Records to process:
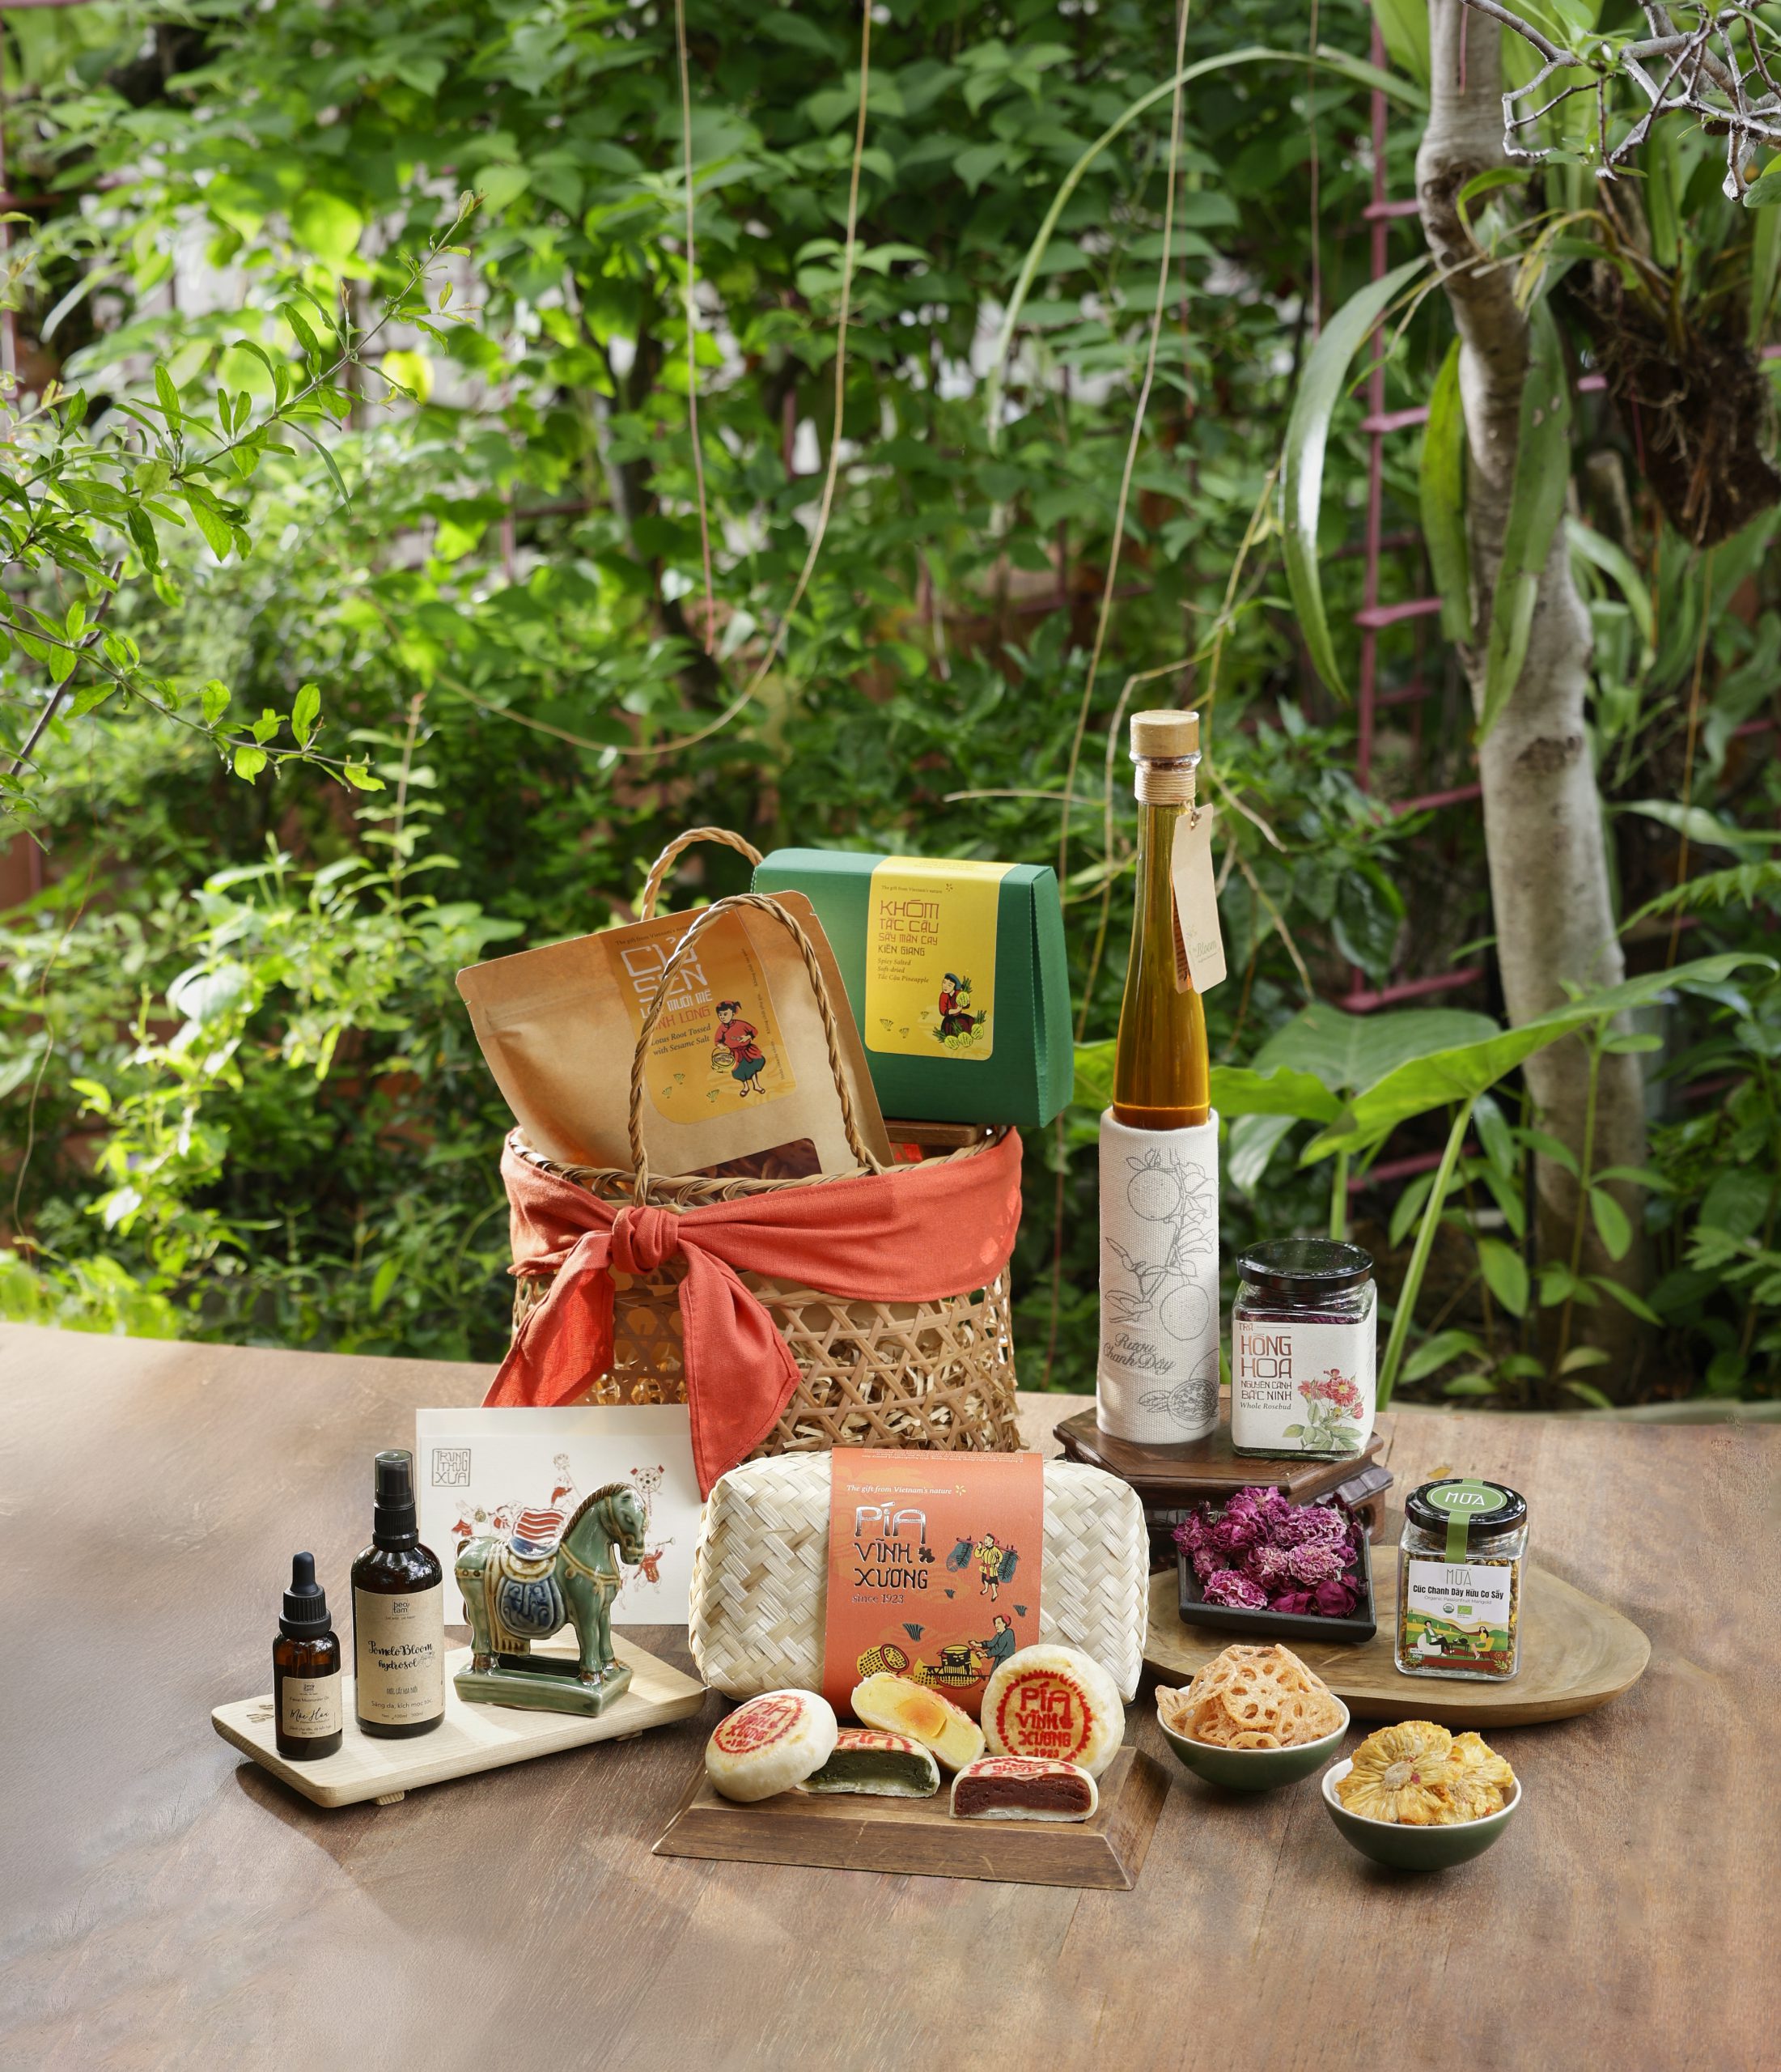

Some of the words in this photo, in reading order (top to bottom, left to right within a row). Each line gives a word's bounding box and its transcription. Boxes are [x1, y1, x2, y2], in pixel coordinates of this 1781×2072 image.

[880, 899, 939, 919] KHÓM
[921, 936, 938, 946] CAY
[901, 975, 929, 984] Pineapple
[679, 1005, 711, 1024] LONG
[671, 1032, 687, 1042] Root
[688, 1023, 711, 1036] Tossed
[669, 1040, 694, 1051] Sesame
[695, 1034, 710, 1045] Salt
[1240, 1332, 1292, 1357] HỒNG
[1240, 1357, 1292, 1379] HOA
[1266, 1391, 1292, 1401] NINH
[435, 1471, 467, 1485] XƯA
[846, 1484, 860, 1492] The
[861, 1485, 874, 1494] gift
[874, 1485, 892, 1494] from
[893, 1486, 928, 1495] Vietnam's
[853, 1538, 913, 1564] VĨNH
[853, 1567, 928, 1590] XƯƠNG
[852, 1592, 879, 1603] since
[881, 1593, 905, 1604] 1923
[1427, 1586, 1450, 1596] Chanh
[368, 1640, 400, 1656] Pomelo
[400, 1643, 434, 1657] Bloom
[378, 1658, 418, 1672] hydrosol
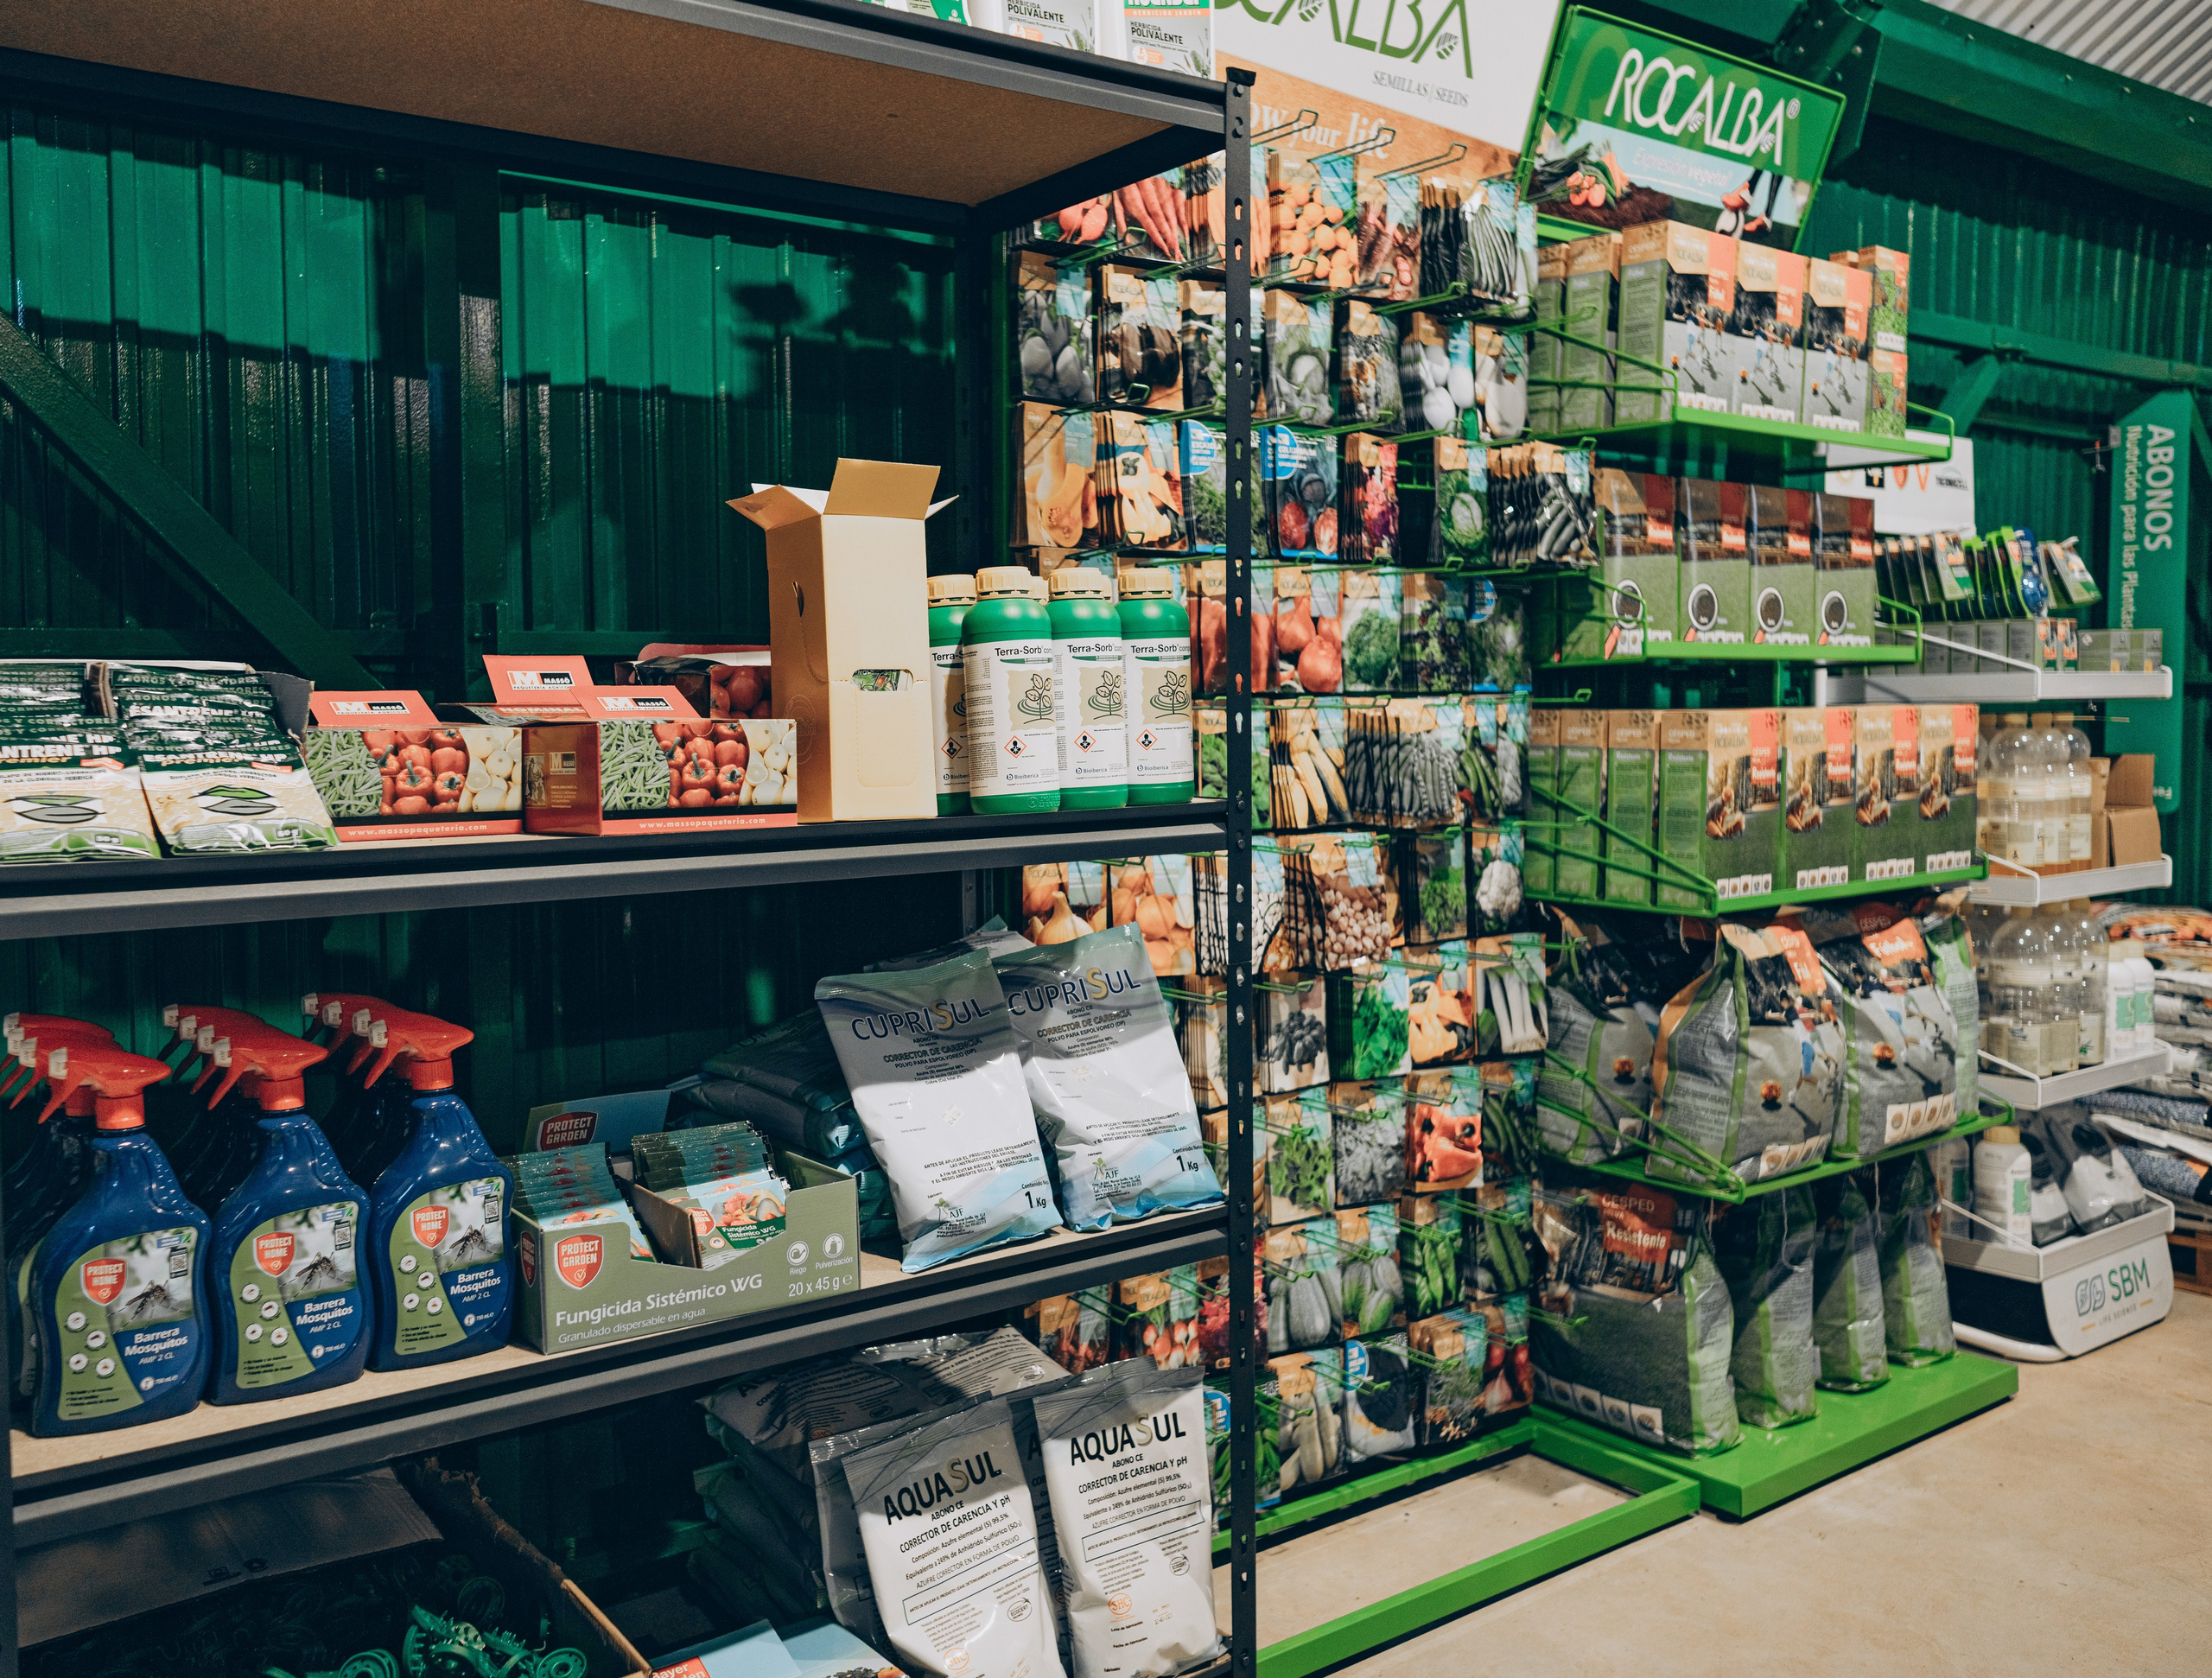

Exercise goal: All entries should be given again exactly, except that pictures are to be excluded.

Solution:
Some of the words in this photo, in reading order (top to bottom, left to right within a row). Each line gives a word's bounding box and its transcription. Boxes are [x1, y1, x2, y2], in pixel coordinates of this 1781×2072 image.

[880, 899, 939, 919] KHÓM
[921, 936, 938, 946] CAY
[901, 975, 929, 984] Pineapple
[679, 1005, 711, 1024] LONG
[671, 1032, 687, 1042] Root
[688, 1023, 711, 1036] Tossed
[669, 1040, 694, 1051] Sesame
[695, 1034, 710, 1045] Salt
[1240, 1332, 1292, 1357] HỒNG
[1240, 1357, 1292, 1379] HOA
[1266, 1391, 1292, 1401] NINH
[435, 1471, 467, 1485] XƯA
[846, 1484, 860, 1492] The
[861, 1485, 874, 1494] gift
[874, 1485, 892, 1494] from
[893, 1486, 928, 1495] Vietnam's
[853, 1538, 913, 1564] VĨNH
[853, 1567, 928, 1590] XƯƠNG
[852, 1592, 879, 1603] since
[881, 1593, 905, 1604] 1923
[1427, 1586, 1450, 1596] Chanh
[368, 1640, 400, 1656] Pomelo
[400, 1643, 434, 1657] Bloom
[378, 1658, 418, 1672] hydrosol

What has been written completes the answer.